Dear Bankless Nation,

There are thousands of DAO experiments happening in crypto.

They’re popping up everywhere. Protocol DAOs, Creator DAOs, Media DAOs, Social DAOs, and DAOs that do crazy things like getting into bidding wars with billionaires for priceless artifacts.

These new organizations are an opportunity of a lifetime. We’ve claimed that they’re the future of work. And we firmly believe this.

DAOs are crypto’s coordination layer. It allows people to collectively decide on how to allocate resources on a global scale, allowing the formation of new digital communities.

And as you can imagine from the above, you can launch a DAO for anything.

There are only a couple of things you need: A mission, a way to communicate, a community treasury, and a governance framework for the treasury.

The rest is completely open.

Lucas explains what you need to know if you’re looking to launch one of these new digital orgs.

- RSA


The largest organization in the world will eventually be a DAO.

Decentralized Autonomous Organizations (DAOs) are digital communities with a shared mission, bank account, and cap table.
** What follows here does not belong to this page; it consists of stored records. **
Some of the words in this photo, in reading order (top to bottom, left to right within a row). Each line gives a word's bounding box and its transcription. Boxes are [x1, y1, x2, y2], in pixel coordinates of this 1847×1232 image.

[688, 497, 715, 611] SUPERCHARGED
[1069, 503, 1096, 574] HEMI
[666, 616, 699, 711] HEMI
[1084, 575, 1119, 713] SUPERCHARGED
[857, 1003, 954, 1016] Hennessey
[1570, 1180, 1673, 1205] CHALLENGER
Over the past few months, we’ve seen these new digital organizations rise to the forefront of the crypto narrative as people realize their potential to coordinate humans and money on a global scale.

Given their rise to prominence, this tactic will walk you through some of the steps and considerations you need to take if you’re looking to launch your own DAO.
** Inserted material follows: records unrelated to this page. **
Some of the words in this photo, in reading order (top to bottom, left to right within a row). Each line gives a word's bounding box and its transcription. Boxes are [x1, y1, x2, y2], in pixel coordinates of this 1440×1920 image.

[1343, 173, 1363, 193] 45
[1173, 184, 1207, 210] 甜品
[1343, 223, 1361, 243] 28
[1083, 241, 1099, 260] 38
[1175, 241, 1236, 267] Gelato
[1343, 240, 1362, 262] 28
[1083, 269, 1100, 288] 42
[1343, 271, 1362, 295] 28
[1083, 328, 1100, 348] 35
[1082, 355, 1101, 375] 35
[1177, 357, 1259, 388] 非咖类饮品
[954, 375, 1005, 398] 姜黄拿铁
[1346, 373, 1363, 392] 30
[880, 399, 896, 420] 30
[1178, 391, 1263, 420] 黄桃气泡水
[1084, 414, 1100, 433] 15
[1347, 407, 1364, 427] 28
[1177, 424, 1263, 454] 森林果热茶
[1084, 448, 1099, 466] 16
  • Goal: Learn what you need to know to launch a DAO
  • Skill: Advanced
  • Effort: Depends—it could be your life’s work or a small side project
  • ROI: The sky’s the limit :)

How to launch a DAO

Public blockchains allow for people to democratically coordinate value over the internet—all they need is a shared mission.

With such a broad definition, you can virtually launch a DAO for anything. We’ve seen DAOs bid $40M+ for the U.S. Constitution, collect the Doge meme for $4M, combat climate change, buy a golf course, fund public goods, and much more. There’s an infinite design space for DAOs that’s only just being discovered.

If you’re interested in launching one of the new organizations, there are a few areas to consider:

  1. Mission
  2. Community
  3. Treasury
  4. Governance
  5. Ownership

1. Mission

Establishing a mission is the first step in creating a DAO, and arguably the most important.

What are you working for? What’s the goal of the DAO?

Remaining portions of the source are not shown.